C. Grouping competencies into subgroups
We have found that leadership, implementation and industry-related competencies can each be further subdivided. We have about 10 such competencies for each of these three categories. With these additional subdivisions, linkage can be made to the competencies needed for the strategic plan. For example, our methodology subdivides "leadership" into competencies such as: Strategic Agility (including Vision), Integrity & Trust, and Developing Subordinates. It divides "implementation" into competencies such as: Flexibility & Adaptability, Communications Skills, and Results Orientation. Industry-related skills, in addition to professional competencies, include: Industry Knowledge, Client Focus and Global Perspective. Russell Reynolds Associates has developed a methodology in our executive search practice that allows us to predict if people are likely to have the needed competencies.

In our executive assessment practice we have identified 'Flexibility & Adaptability' as a key competency for the personal development needed to progress in leadership training, and hence, succession. Does this sound like motherhood? We don't think so. We did a search for a large Canadian financial institution that had worked through a competency framework similar to ours and had identified the competencies that were needed in all of their senior officers, in addition to any specific industry-related skills needed for each job.

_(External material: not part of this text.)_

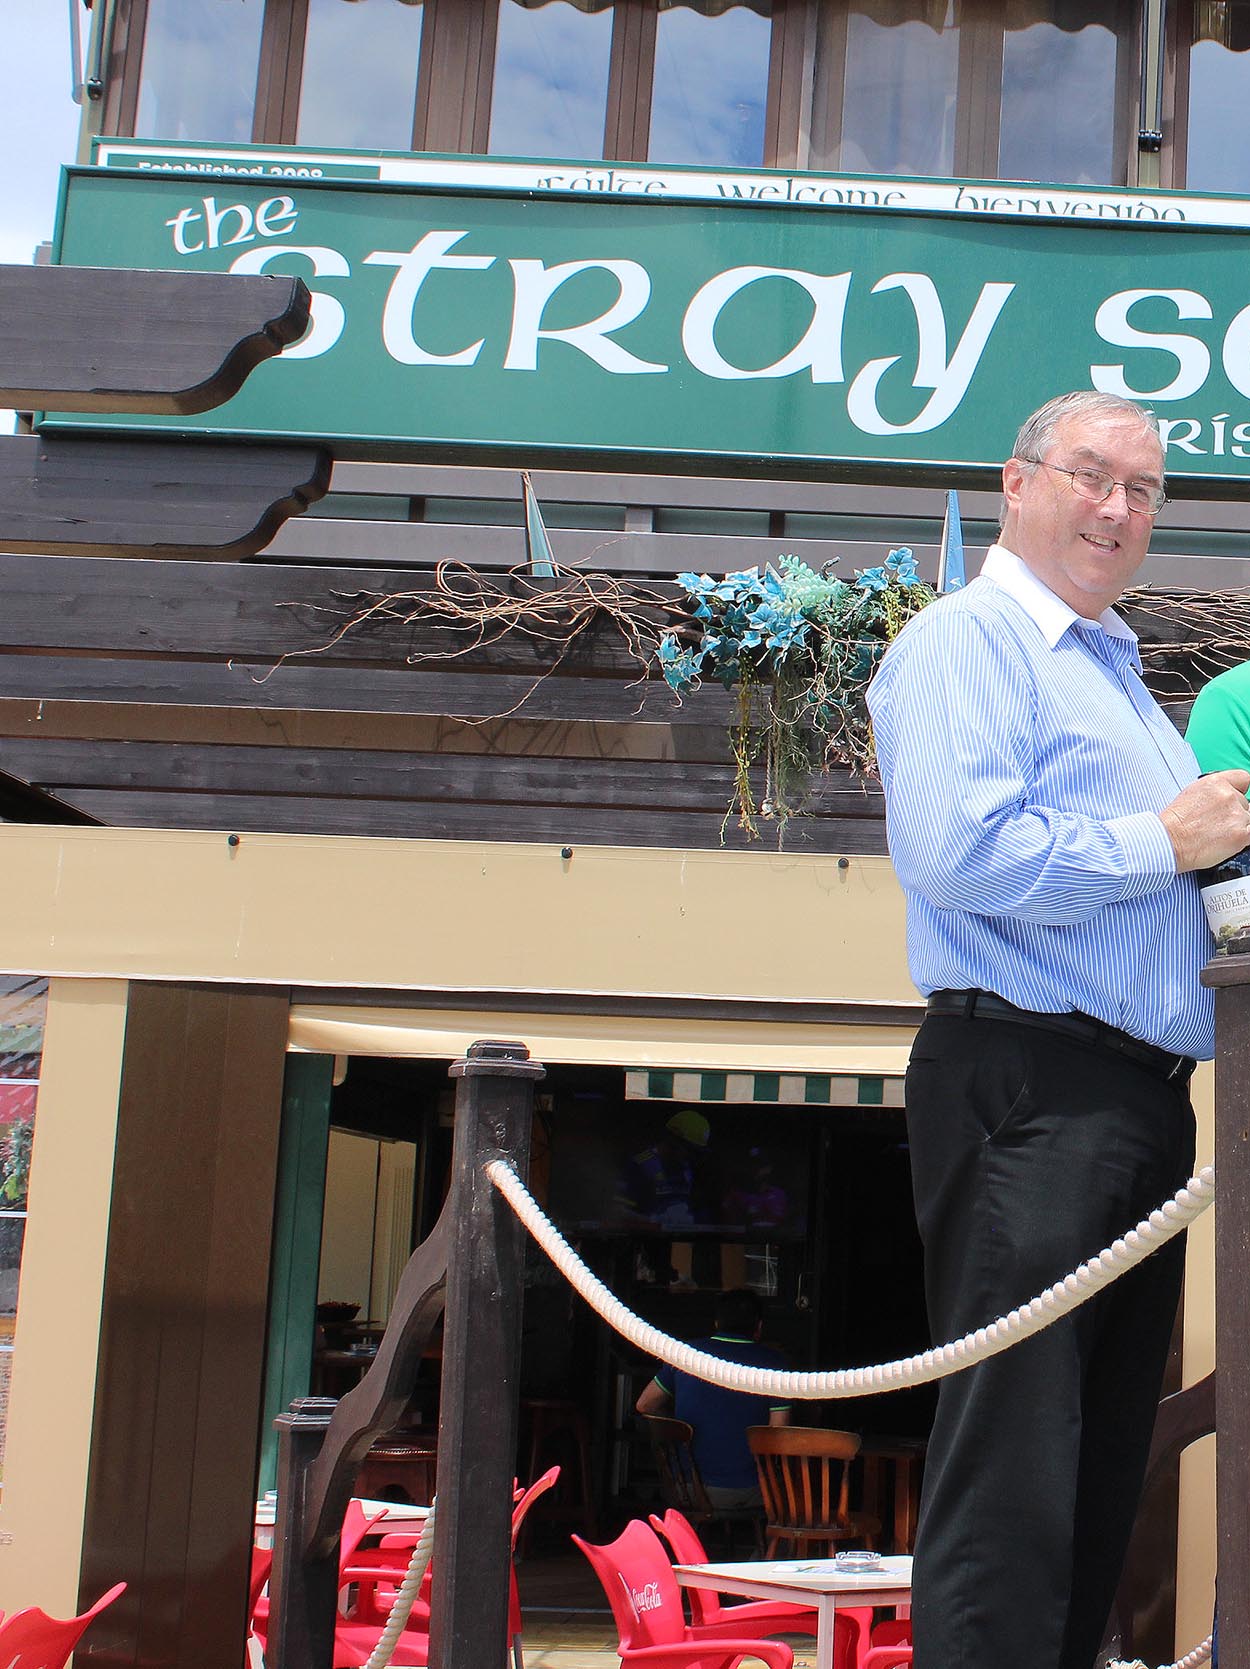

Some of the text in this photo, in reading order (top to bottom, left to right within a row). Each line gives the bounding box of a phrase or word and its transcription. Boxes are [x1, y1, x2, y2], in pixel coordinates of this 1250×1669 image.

[165, 195, 298, 255] the
[1209, 888, 1247, 904] ALTOS DE
[1206, 897, 1249, 914] ORIHUELA

Their list of key competencies was as follows: Dealing with Ambiguity, Strategic Agility, Integrity and Trust, Managerial Courage, Decision Quality, Results Orientation, and Client Focus. We would call the first five "leadership" competencies, the second-tolast an "implementation" competency, and the last an "industry-related" skill. We were able to match our competency framework to theirs, and therefore, our methodology to their competencies.

As a result, - 5 - Ivey Business Journal January/February 2005 we presented them with candidates most likely to meet both their leadership and implementation needs as well as industry-related requirements.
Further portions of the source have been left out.